[Opening Excerpted data section]

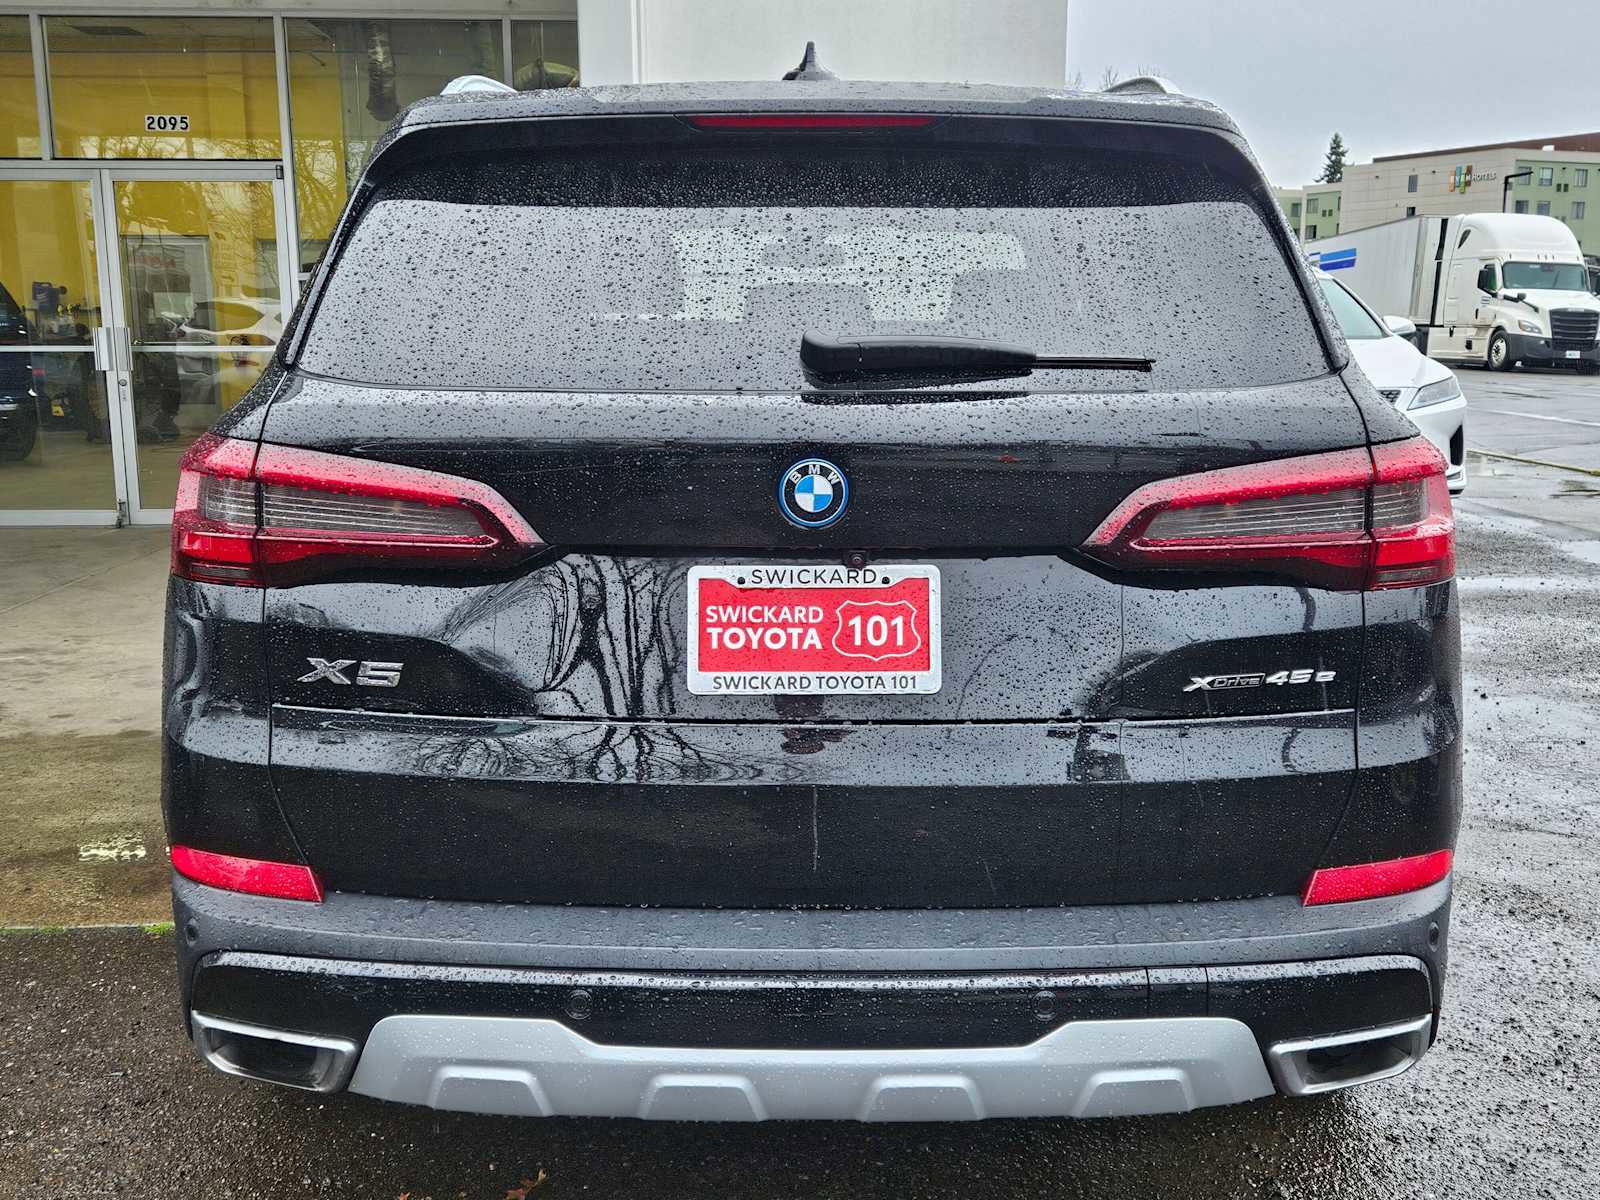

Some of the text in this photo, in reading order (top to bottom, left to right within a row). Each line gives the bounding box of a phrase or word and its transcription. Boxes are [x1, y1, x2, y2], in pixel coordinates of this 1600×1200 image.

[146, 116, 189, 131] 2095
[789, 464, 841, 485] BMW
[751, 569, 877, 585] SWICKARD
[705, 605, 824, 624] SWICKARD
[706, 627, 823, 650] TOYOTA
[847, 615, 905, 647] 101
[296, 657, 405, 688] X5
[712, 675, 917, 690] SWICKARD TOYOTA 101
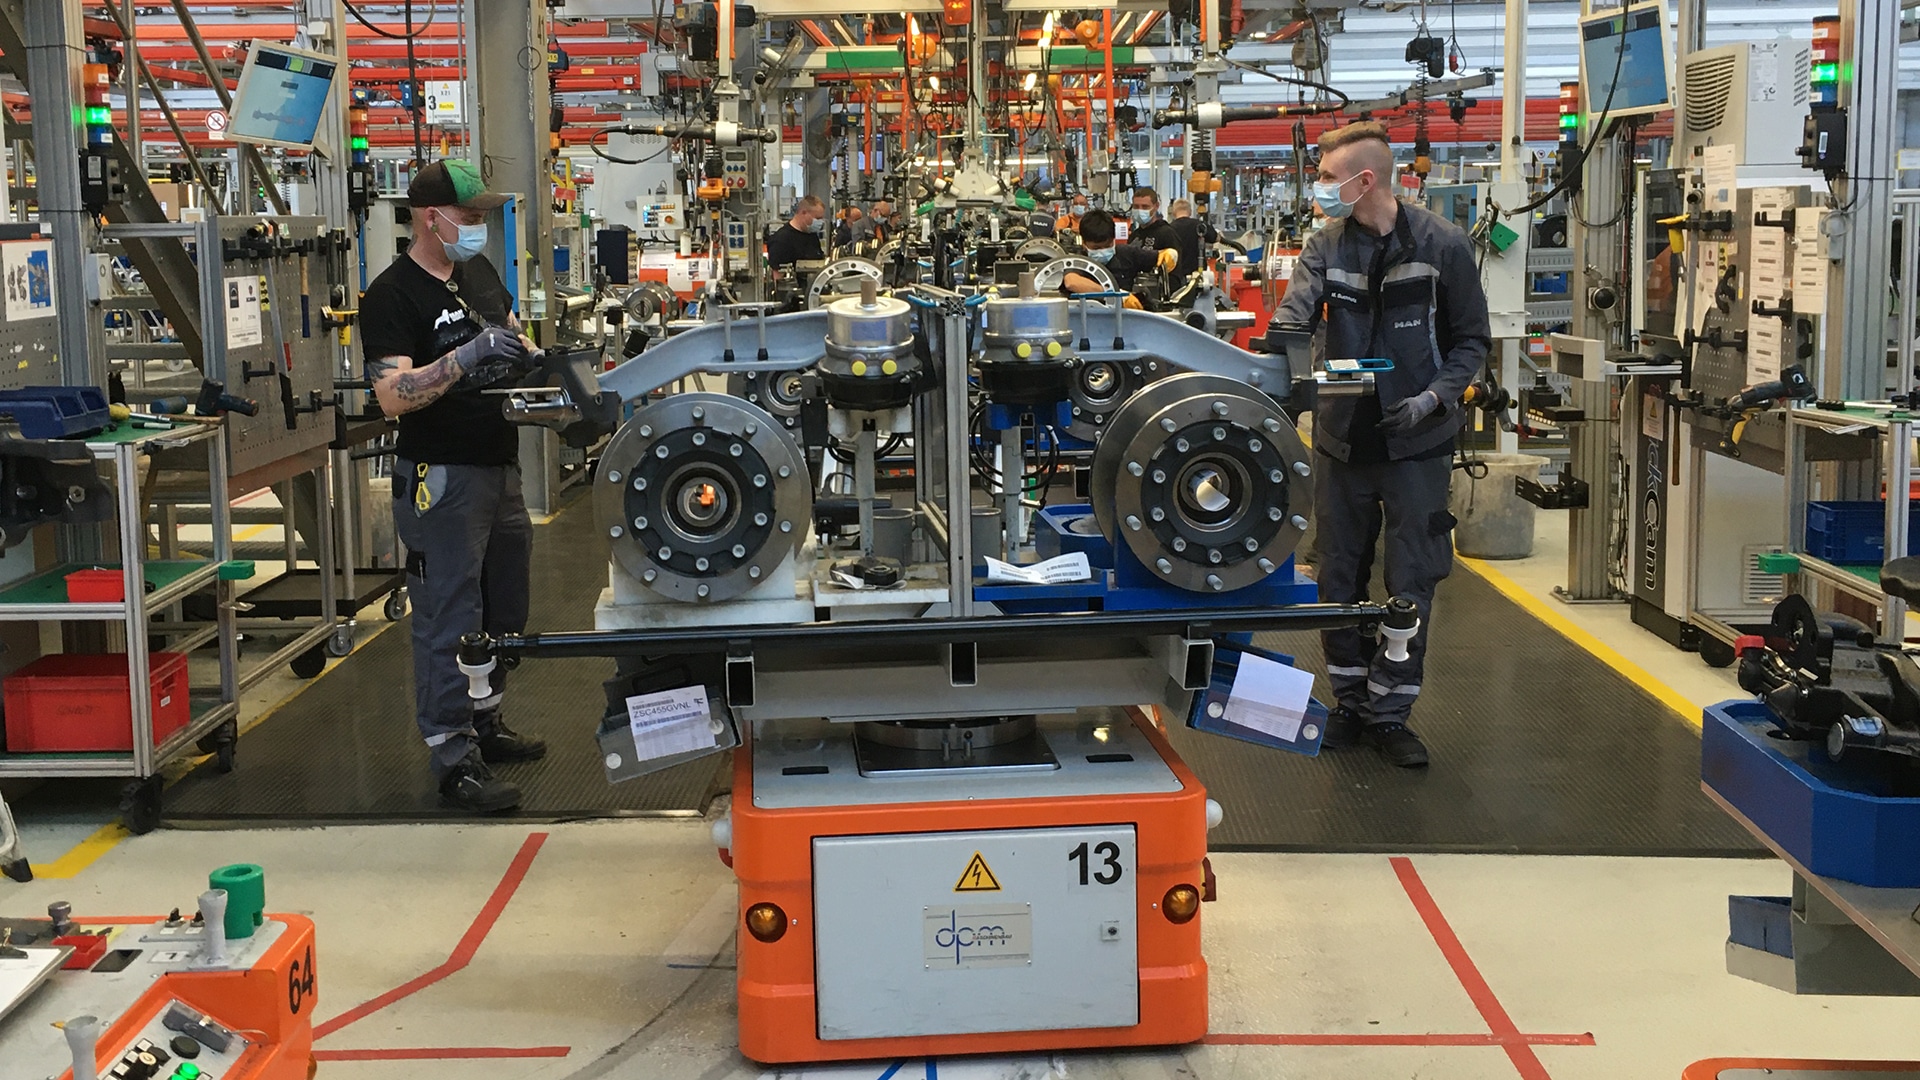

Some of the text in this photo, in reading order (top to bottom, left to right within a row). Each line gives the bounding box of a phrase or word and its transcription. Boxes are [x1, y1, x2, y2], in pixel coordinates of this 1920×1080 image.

[Closing Excerpted data section]

Your copy of the records must match them exactly, except that no pictures appear in it.

Some of the text in this photo, in reading order (top to bottom, left to right within a row). Each line gives the bounding box of a phrase or word and its transcription. Boxes are [x1, y1, x2, y2], in pixel coordinates of this 1600×1200 image.

[146, 116, 189, 131] 2095
[789, 464, 841, 485] BMW
[751, 569, 877, 585] SWICKARD
[705, 605, 824, 624] SWICKARD
[706, 627, 823, 650] TOYOTA
[847, 615, 905, 647] 101
[296, 657, 405, 688] X5
[712, 675, 917, 690] SWICKARD TOYOTA 101

Some of the text in this photo, in reading order (top to bottom, left to right within a row). Each line gives the bounding box of a phrase or word and its transcription. Boxes are [x1, y1, x2, y2], in pixel coordinates of this 1920×1080 image.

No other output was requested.